------ Data section ------

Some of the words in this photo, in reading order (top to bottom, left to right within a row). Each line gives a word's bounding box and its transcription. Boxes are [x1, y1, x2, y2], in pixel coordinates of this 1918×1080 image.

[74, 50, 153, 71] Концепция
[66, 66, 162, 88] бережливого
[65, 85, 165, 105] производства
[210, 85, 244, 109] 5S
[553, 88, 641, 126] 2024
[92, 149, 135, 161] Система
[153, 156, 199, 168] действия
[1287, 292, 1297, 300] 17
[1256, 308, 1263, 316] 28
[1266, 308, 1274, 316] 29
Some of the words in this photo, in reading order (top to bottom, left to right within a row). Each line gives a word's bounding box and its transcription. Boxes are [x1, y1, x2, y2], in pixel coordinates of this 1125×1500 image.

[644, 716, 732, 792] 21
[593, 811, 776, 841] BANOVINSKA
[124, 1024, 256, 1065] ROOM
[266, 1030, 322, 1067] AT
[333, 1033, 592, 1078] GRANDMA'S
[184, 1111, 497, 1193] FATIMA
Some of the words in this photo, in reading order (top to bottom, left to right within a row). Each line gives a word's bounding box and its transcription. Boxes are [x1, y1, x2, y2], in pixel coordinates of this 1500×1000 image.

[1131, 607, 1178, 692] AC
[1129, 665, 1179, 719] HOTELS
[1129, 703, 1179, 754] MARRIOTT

------

> _Aim of the task_: So that nothing is lost, write out each record exactly as it appears above.

> _Exercise output_:
Some of the words in this photo, in reading order (top to bottom, left to right within a row). Each line gives a word's bounding box and its transcription. Boxes are [x1, y1, x2, y2], in pixel coordinates of this 1918×1080 image.

[74, 50, 153, 71] Концепция
[66, 66, 162, 88] бережливого
[65, 85, 165, 105] производства
[210, 85, 244, 109] 5S
[553, 88, 641, 126] 2024
[92, 149, 135, 161] Система
[153, 156, 199, 168] действия
[1287, 292, 1297, 300] 17
[1256, 308, 1263, 316] 28
[1266, 308, 1274, 316] 29
Some of the words in this photo, in reading order (top to bottom, left to right within a row). Each line gives a word's bounding box and its transcription. Boxes are [x1, y1, x2, y2], in pixel coordinates of this 1125×1500 image.

[644, 716, 732, 792] 21
[593, 811, 776, 841] BANOVINSKA
[124, 1024, 256, 1065] ROOM
[266, 1030, 322, 1067] AT
[333, 1033, 592, 1078] GRANDMA'S
[184, 1111, 497, 1193] FATIMA
Some of the words in this photo, in reading order (top to bottom, left to right within a row). Each line gives a word's bounding box and its transcription. Boxes are [x1, y1, x2, y2], in pixel coordinates of this 1500×1000 image.

[1131, 607, 1178, 692] AC
[1129, 665, 1179, 719] HOTELS
[1129, 703, 1179, 754] MARRIOTT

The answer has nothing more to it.